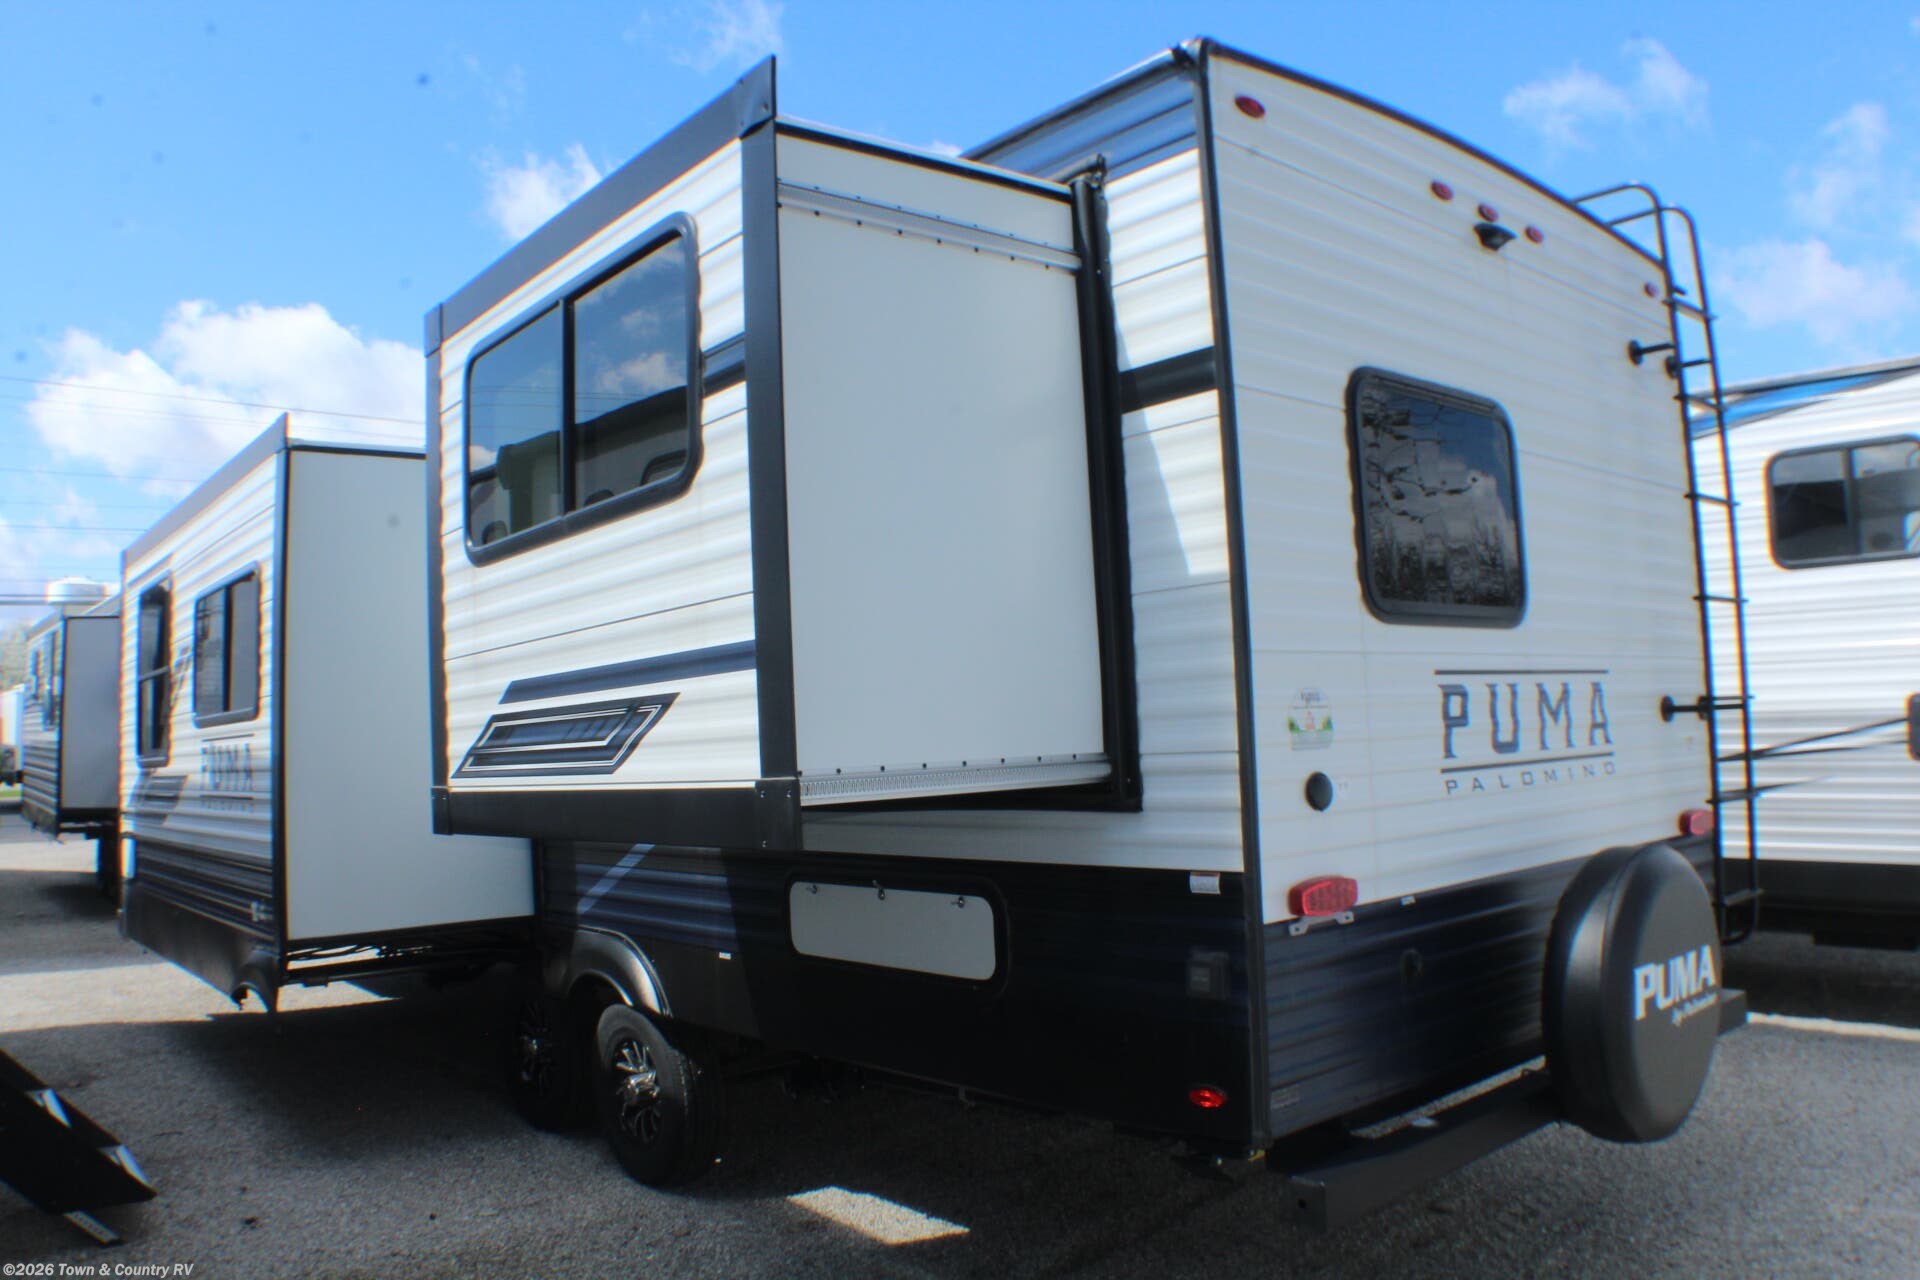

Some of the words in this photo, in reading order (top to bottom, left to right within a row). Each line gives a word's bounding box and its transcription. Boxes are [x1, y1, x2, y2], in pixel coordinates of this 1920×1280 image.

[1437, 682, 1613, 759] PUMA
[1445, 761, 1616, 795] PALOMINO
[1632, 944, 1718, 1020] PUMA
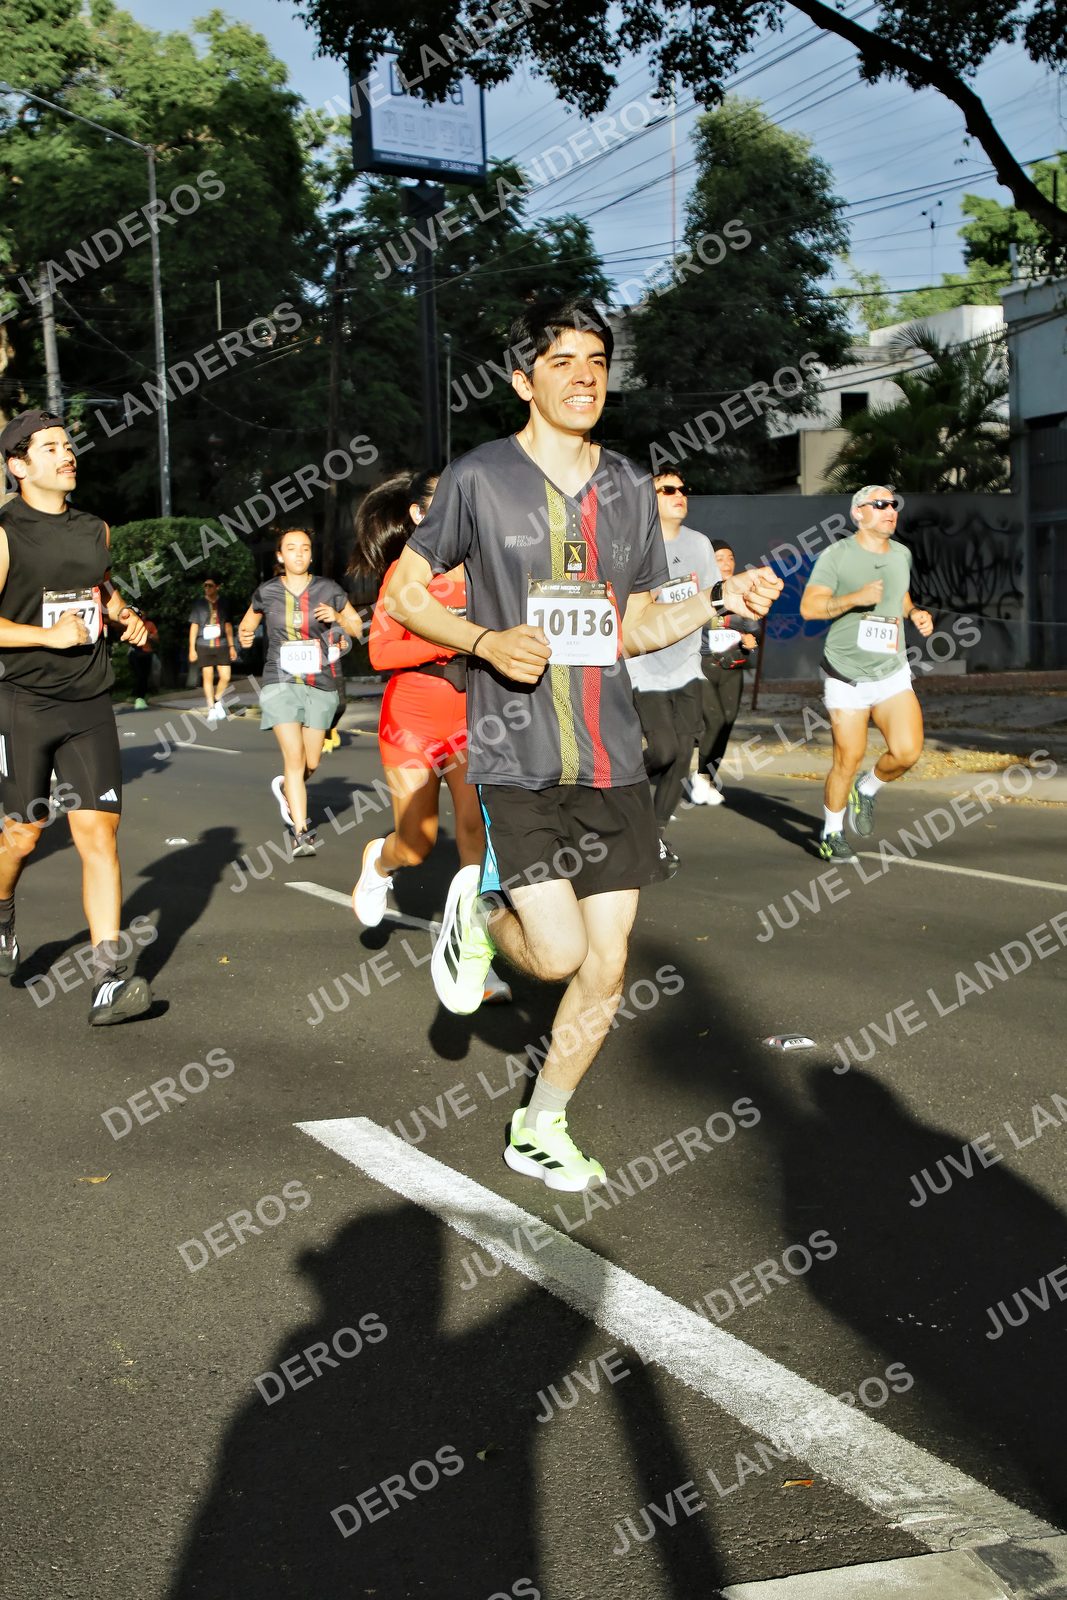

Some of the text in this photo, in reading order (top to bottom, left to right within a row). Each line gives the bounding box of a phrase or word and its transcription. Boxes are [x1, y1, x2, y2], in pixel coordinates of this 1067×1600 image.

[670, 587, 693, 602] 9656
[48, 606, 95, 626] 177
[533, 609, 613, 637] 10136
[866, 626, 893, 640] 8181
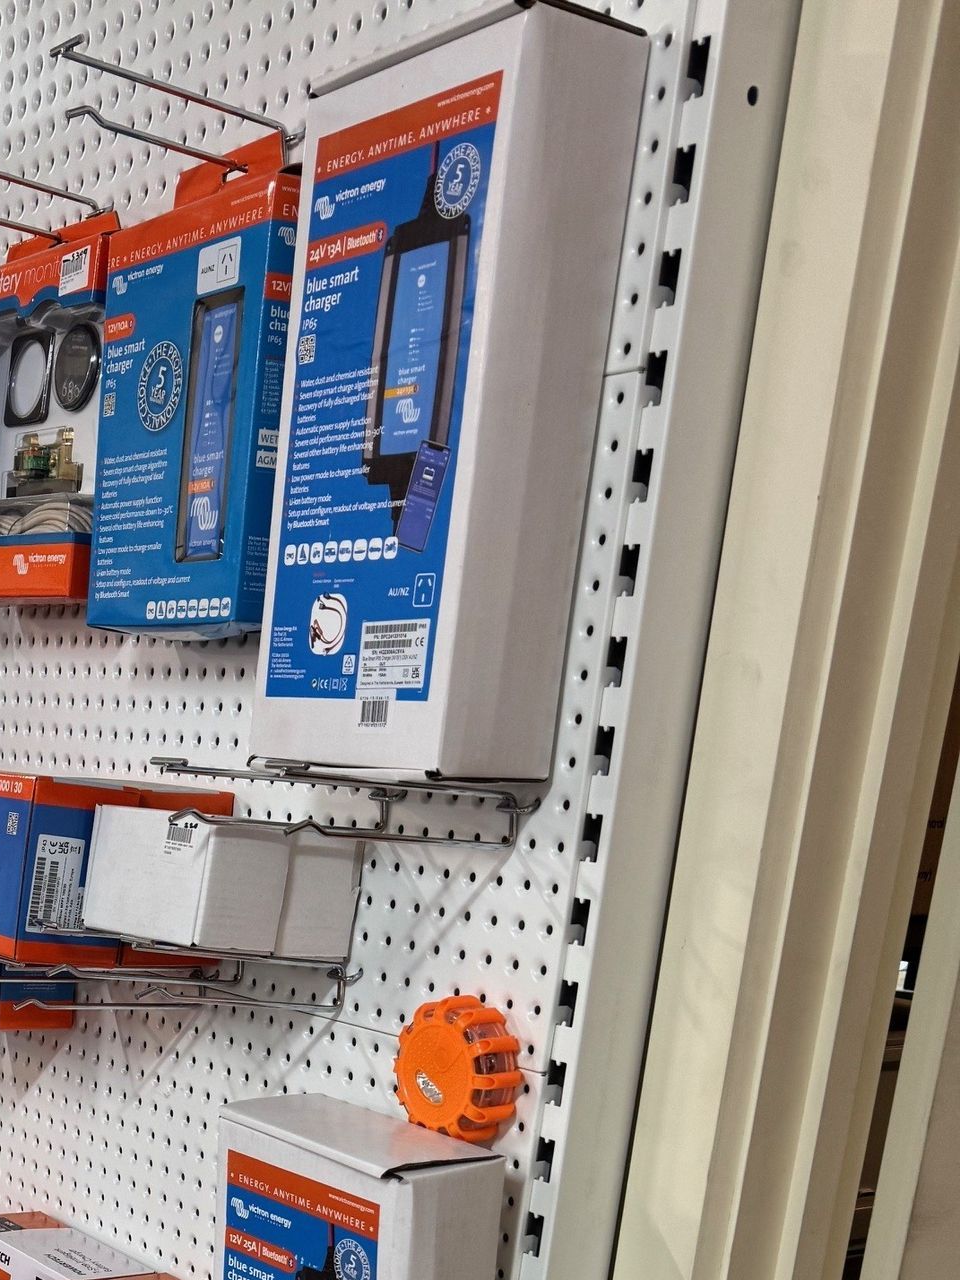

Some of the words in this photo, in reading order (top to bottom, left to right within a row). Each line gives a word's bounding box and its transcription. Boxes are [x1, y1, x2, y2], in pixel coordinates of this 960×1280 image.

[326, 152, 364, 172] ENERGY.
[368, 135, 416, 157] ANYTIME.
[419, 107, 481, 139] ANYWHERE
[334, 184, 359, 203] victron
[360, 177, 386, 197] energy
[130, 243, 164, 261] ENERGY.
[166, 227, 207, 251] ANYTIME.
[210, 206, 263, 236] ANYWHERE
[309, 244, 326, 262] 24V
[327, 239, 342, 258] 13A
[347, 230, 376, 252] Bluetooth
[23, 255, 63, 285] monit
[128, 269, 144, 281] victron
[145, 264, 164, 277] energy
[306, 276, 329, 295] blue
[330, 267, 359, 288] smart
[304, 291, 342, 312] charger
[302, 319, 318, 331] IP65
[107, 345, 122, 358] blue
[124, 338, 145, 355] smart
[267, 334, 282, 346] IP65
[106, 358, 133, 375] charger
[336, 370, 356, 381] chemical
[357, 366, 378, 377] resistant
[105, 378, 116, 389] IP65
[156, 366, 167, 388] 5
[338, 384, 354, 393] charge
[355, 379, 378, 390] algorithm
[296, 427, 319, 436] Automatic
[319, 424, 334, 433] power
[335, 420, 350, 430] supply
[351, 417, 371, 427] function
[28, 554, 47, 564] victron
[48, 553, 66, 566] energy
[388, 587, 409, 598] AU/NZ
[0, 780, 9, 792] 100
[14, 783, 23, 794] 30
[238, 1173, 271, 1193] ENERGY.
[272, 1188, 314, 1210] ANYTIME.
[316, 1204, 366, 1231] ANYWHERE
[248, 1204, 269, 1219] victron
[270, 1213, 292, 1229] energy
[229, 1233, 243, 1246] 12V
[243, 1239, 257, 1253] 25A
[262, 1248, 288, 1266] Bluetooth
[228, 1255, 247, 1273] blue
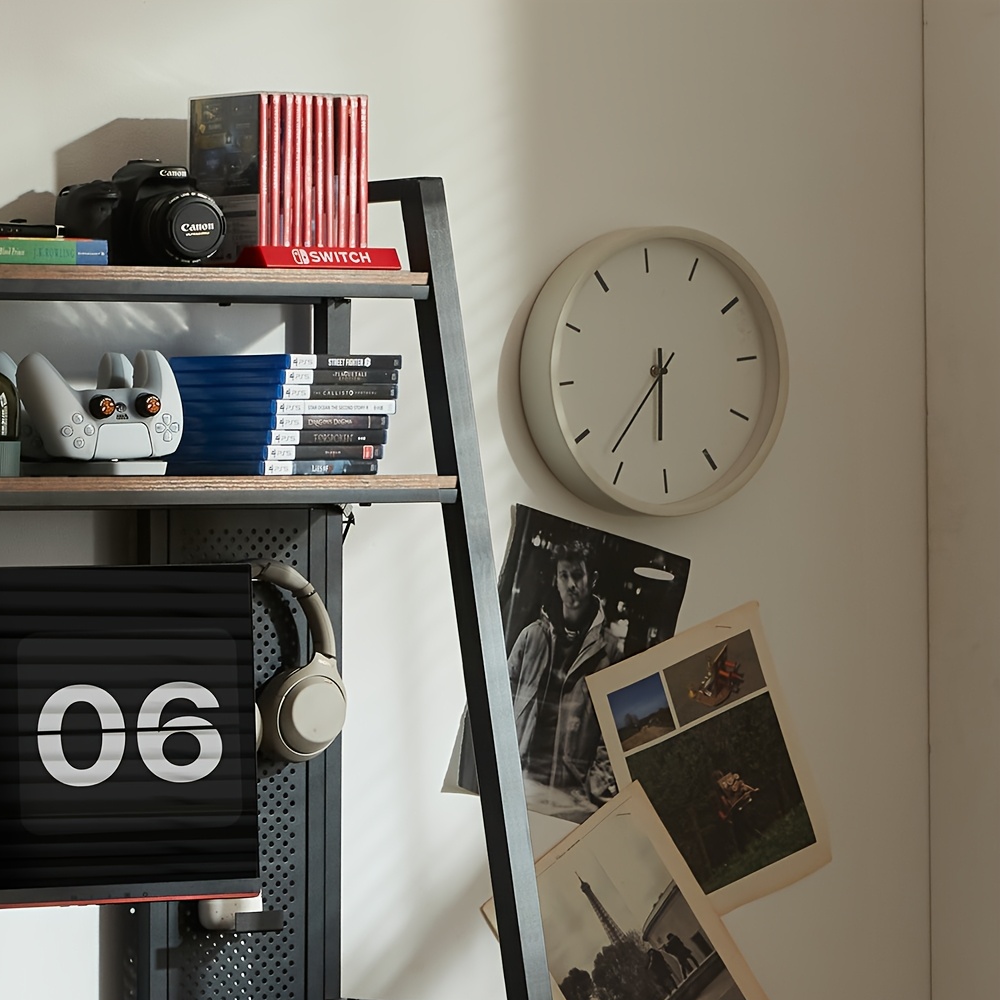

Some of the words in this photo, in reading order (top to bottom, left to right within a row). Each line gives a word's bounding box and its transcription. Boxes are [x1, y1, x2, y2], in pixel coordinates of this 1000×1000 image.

==*==

• [TASK ITEM]
Keep every word of the records and none of the pictures when you print them again.

• [TASK RESPONSE]
Some of the words in this photo, in reading order (top to bottom, left to right within a row). Each line gives a word's bounding box and its transcription. Boxes are [x1, y1, x2, y2], in pixel coordinates of this 1920×1280 image.

[1437, 682, 1613, 759] PUMA
[1445, 761, 1616, 795] PALOMINO
[1632, 944, 1718, 1020] PUMA

Some of the text in this photo, in reading order (top to bottom, left to right within a row). Each line gives the bounding box of a phrase or word and its transcription. Boxes are [x1, y1, x2, y2], in pixel coordinates of this 1067×1600 image.

[670, 587, 693, 602] 9656
[48, 606, 95, 626] 177
[533, 609, 613, 637] 10136
[866, 626, 893, 640] 8181

Some of the words in this photo, in reading order (top to bottom, left to right within a row). Each line gives a word's bounding box and its transcription. Boxes are [x1, y1, x2, y2], in pixel coordinates of this 960×1280 image.

[326, 152, 364, 172] ENERGY.
[368, 135, 416, 157] ANYTIME.
[419, 107, 481, 139] ANYWHERE
[334, 184, 359, 203] victron
[360, 177, 386, 197] energy
[130, 243, 164, 261] ENERGY.
[166, 227, 207, 251] ANYTIME.
[210, 206, 263, 236] ANYWHERE
[309, 244, 326, 262] 24V
[327, 239, 342, 258] 13A
[347, 230, 376, 252] Bluetooth
[23, 255, 63, 285] monit
[128, 269, 144, 281] victron
[145, 264, 164, 277] energy
[306, 276, 329, 295] blue
[330, 267, 359, 288] smart
[304, 291, 342, 312] charger
[302, 319, 318, 331] IP65
[107, 345, 122, 358] blue
[124, 338, 145, 355] smart
[267, 334, 282, 346] IP65
[106, 358, 133, 375] charger
[336, 370, 356, 381] chemical
[357, 366, 378, 377] resistant
[105, 378, 116, 389] IP65
[156, 366, 167, 388] 5
[338, 384, 354, 393] charge
[355, 379, 378, 390] algorithm
[296, 427, 319, 436] Automatic
[319, 424, 334, 433] power
[335, 420, 350, 430] supply
[351, 417, 371, 427] function
[28, 554, 47, 564] victron
[48, 553, 66, 566] energy
[388, 587, 409, 598] AU/NZ
[0, 780, 9, 792] 100
[14, 783, 23, 794] 30
[238, 1173, 271, 1193] ENERGY.
[272, 1188, 314, 1210] ANYTIME.
[316, 1204, 366, 1231] ANYWHERE
[248, 1204, 269, 1219] victron
[270, 1213, 292, 1229] energy
[229, 1233, 243, 1246] 12V
[243, 1239, 257, 1253] 25A
[262, 1248, 288, 1266] Bluetooth
[228, 1255, 247, 1273] blue

Some of the words in this photo, in reading order (top to bottom, left to right within a row). Each line gives a word's bounding box and its transcription. Boxes are [x1, y1, x2, y2], in pixel coordinates of this 1000×1000 image.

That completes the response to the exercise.